In the succeeding subsections, I share practical examples of how Python can be used to learn about and experiment with the CAN bus.

Spamming the CAN bus via python-can

The python-can library provides common abstractions to different CAN bus devices and offers pre-built functions for sending and receiving messages to and from the CAN bus. In this example, I show how one can use python-can to send a flood of messages to the CAN bus, all using the same arbitration ID.

Below is a basic python-can library that connects to a virtual CAN bus (vcan0) and sends a single frame.

Figure 1. A basic python-can library that sets up a vcan0 device

Figure 1. A basic python-can library that sets up a vcan0 device

Figure 2. An actual CAN dump of the virtual CAN bus interface

Figure 2. An actual CAN dump of the virtual CAN bus interface

Next is an example of a fuzzing script that spams the CAN bus with 100 data frames, all using a single arbitration ID: 1337.
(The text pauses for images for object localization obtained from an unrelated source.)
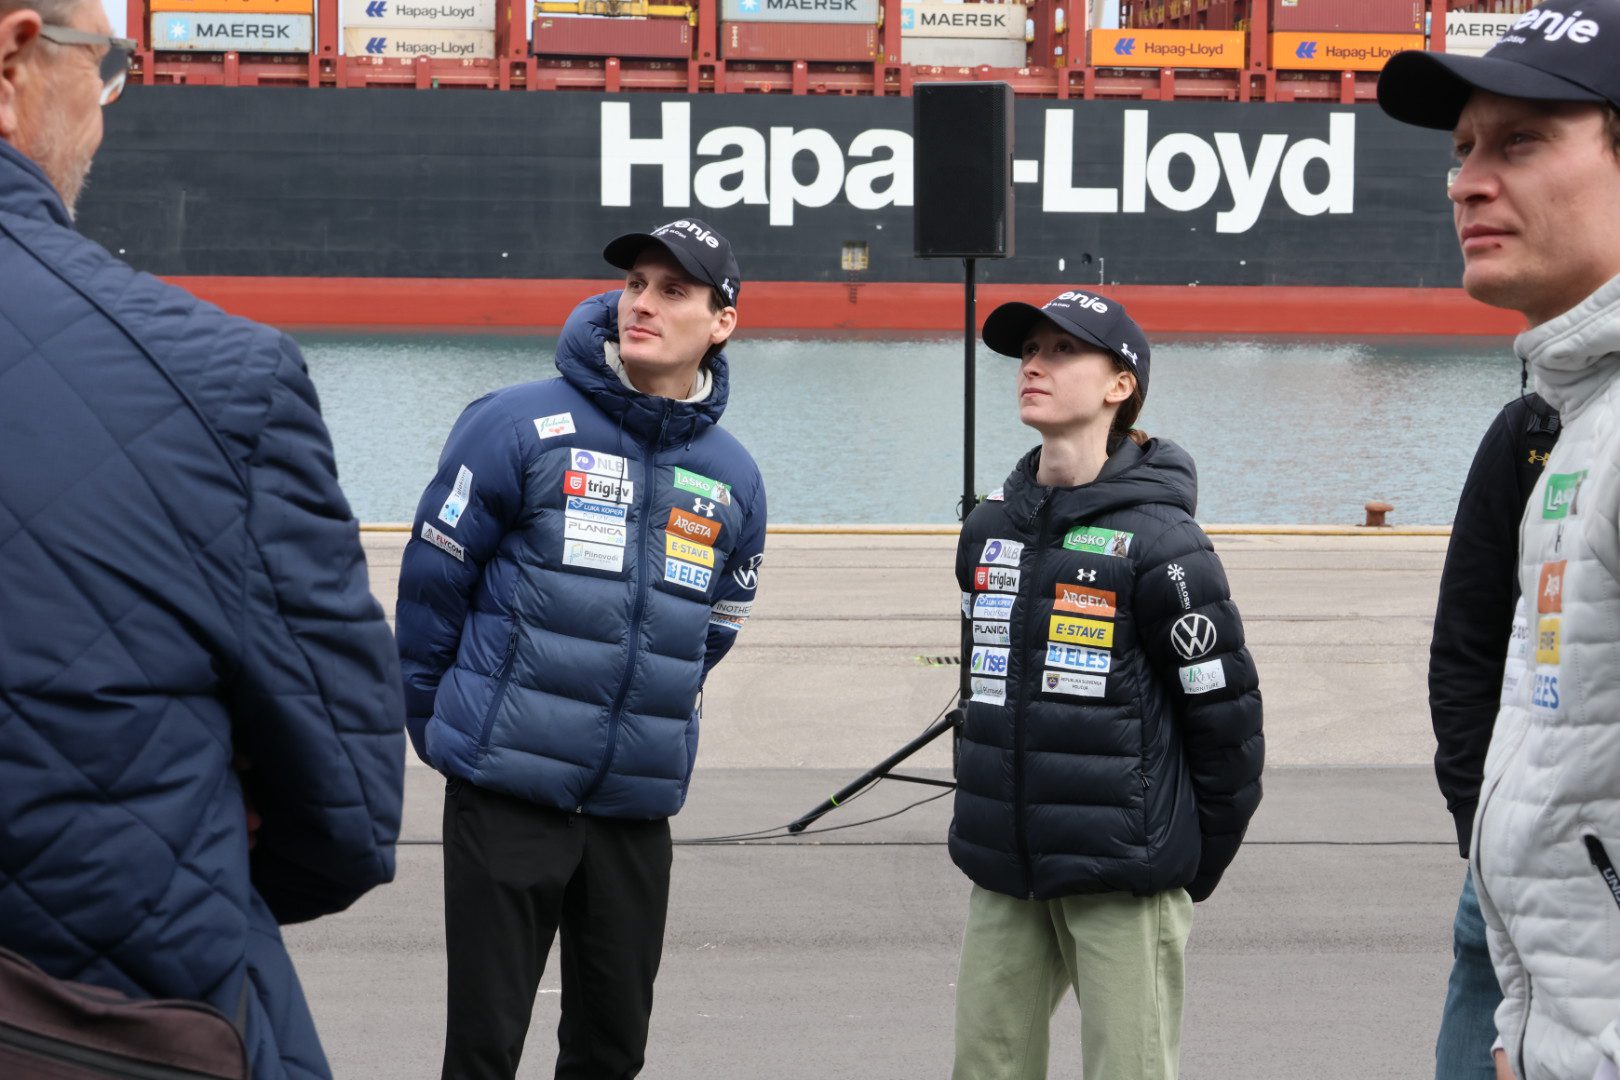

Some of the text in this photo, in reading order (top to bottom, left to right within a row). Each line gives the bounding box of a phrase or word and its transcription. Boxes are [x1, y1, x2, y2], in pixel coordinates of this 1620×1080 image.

[396, 4, 475, 19] Hapag-Lloyd
[920, 13, 1006, 27] MAERSK
[196, 23, 290, 38] MAERSK
[1446, 23, 1507, 37] AERS
[1514, 8, 1601, 44] enje
[396, 41, 475, 55] Hapag-Lloyd
[1144, 42, 1224, 57] Hapag-Lloyd
[601, 101, 1355, 233] Hapa-Lloyd
[674, 219, 720, 249] enje
[1058, 290, 1108, 314] enje
[597, 457, 623, 472] NLB
[588, 479, 630, 498] triglav
[568, 521, 623, 537] PLANICA
[673, 515, 711, 538] ARGETA
[1001, 545, 1019, 561] NLB
[678, 565, 710, 589] ELES
[989, 574, 1017, 591] triglav
[1062, 589, 1109, 609] ARGETA
[974, 624, 1008, 635] PLANICA
[983, 650, 1006, 673] hse
[1064, 648, 1109, 669] ELES
Figure 3. A sample fuzzing script that spams the CAN bus with data frames with one arbitration ID

Figure 3. A sample fuzzing script that spams the CAN bus with data frames with one arbitration ID

While the 100 data frames in this example might not be enough to disrupt critical systems, CAN bus spamming can be a stepping stone for more sophisticated attacks. By flooding the bus with seemingly harmless data, malicious actors can mask commands designed to compromise specific electronic control units (ECUs) or even take complete control of a vehicle. This underscores the importance of robust automotive cybersecurity that can detect and thwart such activity.

DoS attack and ECU hard reset using pyvit

Another valuable library for interacting with the CAN bus is pyvit. It offers good examples, code snippets, and documentation to get one started. While the pyvit GitHub repository is currently archived, some automotive security researchers still find it useful. One can still access pyvit by cloning the repository directly or installing it using pip, a common Python package manager. 

As an example, the script below demonstrates a denial-of-service (DoS) attack, specifically a Firehose attack, on the CAN bus. A Firehose attack is aptly named since it floods the CAN bus with data, aiming to overwhelm the bus and deny other services or functions.

Figure 4. A Firehose attack using pyvit

Figure 4. A Firehose attack using pyvit

The next script demonstrates how to send an ECU Hard Reset command. This could be considered a security vulnerability if a malicious actor could exploit it by sending the reset via the “dirty side” or an authorized access point such as the on-board diagnostics (OBD-II) port or the in-vehicle infotainment (IVI) system.

To determine if the ECU hard reset is successful, a message reply with the following characteristics should appear on the CAN bus: 02 51 01 via an arbitration ID 0x77a.

Figure 5. An ECU hard reset script

Figure 5. An ECU hard reset script

An ECU hard reset could have serious security and safety implications. If exploited by a malicious actor, an ECU hard reset could allow them to tamper with a vehicle’s behavior or disable its security features, potentially putting its driver and passengers at significant risk.

Discovering UDS IDs using CaringCaribou

There are other open-source Python tools that help automotive security researchers explore vehicle vulnerabilities and potentially address these through software updates and other security mitigations. Aside from the previously mentioned ones, I also like using CaringCaribou as it is fast and efficient in discovering UDS (Unified Diagnostic Service) identifiers or IDs, the specific codes used for ECU diagnostics.

Figure 6. A sample dialog using CaringCaribou, a Python-based car security exploration tool

Figure 6. A sample dialog using CaringCaribou, a Python-based car security exploration tool

While UDS IDs are valuable for researchers in identifying potential vulnerabilities, these same identifiers can be used by attackers. In the wrong hands, they can be exploited to manipulate vehicle settings, execute an ECU hard reset, or even bypass security access — all of which could compromise vehicle safety and security.

Leveraging ChatGPT

Programmers can take advantage of the popular AI chatbot ChatGPT to streamline code development by assisting with writing and debugging programs. Security researchers can also use it as a valuable resource for penetration testing, particularly in the information gathering phase.

Figure 7. A sample use case where ChatGPT is tasked to create a buffer overflow script

Figure 7. A sample use case where ChatGPT is tasked to create a buffer overflow script

Figure 8. Information gathering for penetration testing via ChatGPT

Figure 8. Information gathering for penetration testing via ChatGPT

ChatGPT can also be used as a guide in creating automation scripts or POC examples for exploiting automotive security bugs. For instance, ChatGPT can be tasked to create a POC of the low-level CAN bus attack known as the Janus Attack using the python-can module.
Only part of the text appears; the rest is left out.